◆ YOUR TASK:
Repeat the data that follows, keeping every character intact.

Stored data entries
*** Begin section ***

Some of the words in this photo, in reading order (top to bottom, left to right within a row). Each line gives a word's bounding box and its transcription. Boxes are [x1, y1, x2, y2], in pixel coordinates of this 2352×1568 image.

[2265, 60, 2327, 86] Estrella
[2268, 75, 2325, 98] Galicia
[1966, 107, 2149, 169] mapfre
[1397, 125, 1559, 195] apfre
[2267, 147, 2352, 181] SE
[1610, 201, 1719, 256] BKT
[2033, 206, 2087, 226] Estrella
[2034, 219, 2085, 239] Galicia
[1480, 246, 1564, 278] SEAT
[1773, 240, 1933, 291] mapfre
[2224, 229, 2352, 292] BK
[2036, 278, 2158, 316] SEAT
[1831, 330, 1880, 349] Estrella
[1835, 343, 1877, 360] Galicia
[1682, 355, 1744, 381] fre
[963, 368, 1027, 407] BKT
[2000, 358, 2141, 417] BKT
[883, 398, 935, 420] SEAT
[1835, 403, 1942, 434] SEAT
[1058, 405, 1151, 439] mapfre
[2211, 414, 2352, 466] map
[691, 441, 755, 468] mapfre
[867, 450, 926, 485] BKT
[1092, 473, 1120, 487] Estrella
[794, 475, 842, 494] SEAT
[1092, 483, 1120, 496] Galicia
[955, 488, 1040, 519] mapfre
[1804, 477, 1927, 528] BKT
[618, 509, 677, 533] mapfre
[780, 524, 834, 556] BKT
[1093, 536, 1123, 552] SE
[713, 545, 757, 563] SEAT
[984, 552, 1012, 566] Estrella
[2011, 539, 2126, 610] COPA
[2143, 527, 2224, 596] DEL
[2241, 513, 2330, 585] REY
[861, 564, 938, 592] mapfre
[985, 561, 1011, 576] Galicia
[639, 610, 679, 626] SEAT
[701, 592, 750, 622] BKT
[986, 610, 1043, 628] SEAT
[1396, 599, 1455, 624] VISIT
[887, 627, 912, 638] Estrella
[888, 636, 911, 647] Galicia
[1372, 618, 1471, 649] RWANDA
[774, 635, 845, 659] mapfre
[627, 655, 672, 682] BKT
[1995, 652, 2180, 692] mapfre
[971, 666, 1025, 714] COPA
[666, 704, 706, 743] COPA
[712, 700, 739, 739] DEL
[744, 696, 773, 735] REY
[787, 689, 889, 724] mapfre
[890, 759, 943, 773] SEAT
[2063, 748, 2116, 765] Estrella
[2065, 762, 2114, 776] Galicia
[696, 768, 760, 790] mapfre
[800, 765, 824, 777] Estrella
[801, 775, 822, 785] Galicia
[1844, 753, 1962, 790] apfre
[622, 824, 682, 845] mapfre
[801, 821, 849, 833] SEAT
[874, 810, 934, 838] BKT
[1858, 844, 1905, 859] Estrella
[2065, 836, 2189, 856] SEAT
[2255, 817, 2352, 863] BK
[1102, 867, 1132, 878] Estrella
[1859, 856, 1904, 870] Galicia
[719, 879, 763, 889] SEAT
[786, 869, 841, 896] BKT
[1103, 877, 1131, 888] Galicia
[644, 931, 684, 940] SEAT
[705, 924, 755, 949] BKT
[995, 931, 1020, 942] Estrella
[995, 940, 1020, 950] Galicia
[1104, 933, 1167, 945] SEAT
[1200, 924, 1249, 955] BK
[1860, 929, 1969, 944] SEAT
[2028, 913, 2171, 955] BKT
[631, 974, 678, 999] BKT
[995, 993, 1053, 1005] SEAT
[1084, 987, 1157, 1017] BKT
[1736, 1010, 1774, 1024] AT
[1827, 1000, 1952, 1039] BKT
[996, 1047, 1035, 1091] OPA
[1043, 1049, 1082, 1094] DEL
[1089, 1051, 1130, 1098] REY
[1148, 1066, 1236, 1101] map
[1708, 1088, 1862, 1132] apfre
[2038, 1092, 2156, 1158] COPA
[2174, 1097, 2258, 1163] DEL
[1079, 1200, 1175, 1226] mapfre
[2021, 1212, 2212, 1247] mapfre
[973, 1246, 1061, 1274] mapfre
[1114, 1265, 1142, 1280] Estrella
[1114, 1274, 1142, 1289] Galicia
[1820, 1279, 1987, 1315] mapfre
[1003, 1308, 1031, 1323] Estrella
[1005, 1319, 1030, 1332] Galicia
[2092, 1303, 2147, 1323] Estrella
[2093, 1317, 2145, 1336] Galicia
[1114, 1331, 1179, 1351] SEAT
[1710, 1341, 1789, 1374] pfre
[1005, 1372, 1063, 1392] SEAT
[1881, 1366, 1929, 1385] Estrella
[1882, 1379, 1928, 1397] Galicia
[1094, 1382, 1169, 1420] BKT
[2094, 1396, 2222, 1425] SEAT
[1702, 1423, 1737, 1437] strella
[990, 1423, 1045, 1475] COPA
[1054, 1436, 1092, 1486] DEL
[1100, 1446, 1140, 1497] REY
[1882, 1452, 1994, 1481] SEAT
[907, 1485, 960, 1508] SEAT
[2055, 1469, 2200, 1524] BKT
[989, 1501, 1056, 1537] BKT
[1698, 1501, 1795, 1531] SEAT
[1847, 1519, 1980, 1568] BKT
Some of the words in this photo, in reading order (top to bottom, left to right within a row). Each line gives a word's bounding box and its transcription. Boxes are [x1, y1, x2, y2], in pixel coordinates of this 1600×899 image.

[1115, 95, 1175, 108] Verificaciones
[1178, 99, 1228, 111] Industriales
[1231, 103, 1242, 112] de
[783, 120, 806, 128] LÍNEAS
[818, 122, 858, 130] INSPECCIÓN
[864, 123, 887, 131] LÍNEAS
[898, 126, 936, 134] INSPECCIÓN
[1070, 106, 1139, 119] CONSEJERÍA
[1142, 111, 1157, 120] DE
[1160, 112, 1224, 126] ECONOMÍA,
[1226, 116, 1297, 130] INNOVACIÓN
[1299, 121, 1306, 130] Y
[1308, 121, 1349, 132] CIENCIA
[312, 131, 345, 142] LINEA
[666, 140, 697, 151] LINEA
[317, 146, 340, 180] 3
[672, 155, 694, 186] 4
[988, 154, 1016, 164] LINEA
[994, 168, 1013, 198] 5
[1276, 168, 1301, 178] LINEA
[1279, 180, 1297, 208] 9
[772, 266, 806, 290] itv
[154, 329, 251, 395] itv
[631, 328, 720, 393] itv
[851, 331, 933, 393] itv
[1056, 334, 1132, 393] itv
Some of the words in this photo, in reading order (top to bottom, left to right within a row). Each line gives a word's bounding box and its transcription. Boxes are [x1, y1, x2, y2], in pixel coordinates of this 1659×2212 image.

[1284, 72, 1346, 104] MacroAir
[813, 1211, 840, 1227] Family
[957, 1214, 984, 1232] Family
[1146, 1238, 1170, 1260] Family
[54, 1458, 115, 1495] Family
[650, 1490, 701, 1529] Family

*** End section ***

◆ ANSWER:
Some of the words in this photo, in reading order (top to bottom, left to right within a row). Each line gives a word's bounding box and its transcription. Boxes are [x1, y1, x2, y2], in pixel coordinates of this 2352×1568 image.

[2265, 60, 2327, 86] Estrella
[2268, 75, 2325, 98] Galicia
[1966, 107, 2149, 169] mapfre
[1397, 125, 1559, 195] apfre
[2267, 147, 2352, 181] SE
[1610, 201, 1719, 256] BKT
[2033, 206, 2087, 226] Estrella
[2034, 219, 2085, 239] Galicia
[1480, 246, 1564, 278] SEAT
[1773, 240, 1933, 291] mapfre
[2224, 229, 2352, 292] BK
[2036, 278, 2158, 316] SEAT
[1831, 330, 1880, 349] Estrella
[1835, 343, 1877, 360] Galicia
[1682, 355, 1744, 381] fre
[963, 368, 1027, 407] BKT
[2000, 358, 2141, 417] BKT
[883, 398, 935, 420] SEAT
[1835, 403, 1942, 434] SEAT
[1058, 405, 1151, 439] mapfre
[2211, 414, 2352, 466] map
[691, 441, 755, 468] mapfre
[867, 450, 926, 485] BKT
[1092, 473, 1120, 487] Estrella
[794, 475, 842, 494] SEAT
[1092, 483, 1120, 496] Galicia
[955, 488, 1040, 519] mapfre
[1804, 477, 1927, 528] BKT
[618, 509, 677, 533] mapfre
[780, 524, 834, 556] BKT
[1093, 536, 1123, 552] SE
[713, 545, 757, 563] SEAT
[984, 552, 1012, 566] Estrella
[2011, 539, 2126, 610] COPA
[2143, 527, 2224, 596] DEL
[2241, 513, 2330, 585] REY
[861, 564, 938, 592] mapfre
[985, 561, 1011, 576] Galicia
[639, 610, 679, 626] SEAT
[701, 592, 750, 622] BKT
[986, 610, 1043, 628] SEAT
[1396, 599, 1455, 624] VISIT
[887, 627, 912, 638] Estrella
[888, 636, 911, 647] Galicia
[1372, 618, 1471, 649] RWANDA
[774, 635, 845, 659] mapfre
[627, 655, 672, 682] BKT
[1995, 652, 2180, 692] mapfre
[971, 666, 1025, 714] COPA
[666, 704, 706, 743] COPA
[712, 700, 739, 739] DEL
[744, 696, 773, 735] REY
[787, 689, 889, 724] mapfre
[890, 759, 943, 773] SEAT
[2063, 748, 2116, 765] Estrella
[2065, 762, 2114, 776] Galicia
[696, 768, 760, 790] mapfre
[800, 765, 824, 777] Estrella
[801, 775, 822, 785] Galicia
[1844, 753, 1962, 790] apfre
[622, 824, 682, 845] mapfre
[801, 821, 849, 833] SEAT
[874, 810, 934, 838] BKT
[1858, 844, 1905, 859] Estrella
[2065, 836, 2189, 856] SEAT
[2255, 817, 2352, 863] BK
[1102, 867, 1132, 878] Estrella
[1859, 856, 1904, 870] Galicia
[719, 879, 763, 889] SEAT
[786, 869, 841, 896] BKT
[1103, 877, 1131, 888] Galicia
[644, 931, 684, 940] SEAT
[705, 924, 755, 949] BKT
[995, 931, 1020, 942] Estrella
[995, 940, 1020, 950] Galicia
[1104, 933, 1167, 945] SEAT
[1200, 924, 1249, 955] BK
[1860, 929, 1969, 944] SEAT
[2028, 913, 2171, 955] BKT
[631, 974, 678, 999] BKT
[995, 993, 1053, 1005] SEAT
[1084, 987, 1157, 1017] BKT
[1736, 1010, 1774, 1024] AT
[1827, 1000, 1952, 1039] BKT
[996, 1047, 1035, 1091] OPA
[1043, 1049, 1082, 1094] DEL
[1089, 1051, 1130, 1098] REY
[1148, 1066, 1236, 1101] map
[1708, 1088, 1862, 1132] apfre
[2038, 1092, 2156, 1158] COPA
[2174, 1097, 2258, 1163] DEL
[1079, 1200, 1175, 1226] mapfre
[2021, 1212, 2212, 1247] mapfre
[973, 1246, 1061, 1274] mapfre
[1114, 1265, 1142, 1280] Estrella
[1114, 1274, 1142, 1289] Galicia
[1820, 1279, 1987, 1315] mapfre
[1003, 1308, 1031, 1323] Estrella
[1005, 1319, 1030, 1332] Galicia
[2092, 1303, 2147, 1323] Estrella
[2093, 1317, 2145, 1336] Galicia
[1114, 1331, 1179, 1351] SEAT
[1710, 1341, 1789, 1374] pfre
[1005, 1372, 1063, 1392] SEAT
[1881, 1366, 1929, 1385] Estrella
[1882, 1379, 1928, 1397] Galicia
[1094, 1382, 1169, 1420] BKT
[2094, 1396, 2222, 1425] SEAT
[1702, 1423, 1737, 1437] strella
[990, 1423, 1045, 1475] COPA
[1054, 1436, 1092, 1486] DEL
[1100, 1446, 1140, 1497] REY
[1882, 1452, 1994, 1481] SEAT
[907, 1485, 960, 1508] SEAT
[2055, 1469, 2200, 1524] BKT
[989, 1501, 1056, 1537] BKT
[1698, 1501, 1795, 1531] SEAT
[1847, 1519, 1980, 1568] BKT
Some of the words in this photo, in reading order (top to bottom, left to right within a row). Each line gives a word's bounding box and its transcription. Boxes are [x1, y1, x2, y2], in pixel coordinates of this 1600×899 image.

[1115, 95, 1175, 108] Verificaciones
[1178, 99, 1228, 111] Industriales
[1231, 103, 1242, 112] de
[783, 120, 806, 128] LÍNEAS
[818, 122, 858, 130] INSPECCIÓN
[864, 123, 887, 131] LÍNEAS
[898, 126, 936, 134] INSPECCIÓN
[1070, 106, 1139, 119] CONSEJERÍA
[1142, 111, 1157, 120] DE
[1160, 112, 1224, 126] ECONOMÍA,
[1226, 116, 1297, 130] INNOVACIÓN
[1299, 121, 1306, 130] Y
[1308, 121, 1349, 132] CIENCIA
[312, 131, 345, 142] LINEA
[666, 140, 697, 151] LINEA
[317, 146, 340, 180] 3
[672, 155, 694, 186] 4
[988, 154, 1016, 164] LINEA
[994, 168, 1013, 198] 5
[1276, 168, 1301, 178] LINEA
[1279, 180, 1297, 208] 9
[772, 266, 806, 290] itv
[154, 329, 251, 395] itv
[631, 328, 720, 393] itv
[851, 331, 933, 393] itv
[1056, 334, 1132, 393] itv
Some of the words in this photo, in reading order (top to bottom, left to right within a row). Each line gives a word's bounding box and its transcription. Boxes are [x1, y1, x2, y2], in pixel coordinates of this 1659×2212 image.

[1284, 72, 1346, 104] MacroAir
[813, 1211, 840, 1227] Family
[957, 1214, 984, 1232] Family
[1146, 1238, 1170, 1260] Family
[54, 1458, 115, 1495] Family
[650, 1490, 701, 1529] Family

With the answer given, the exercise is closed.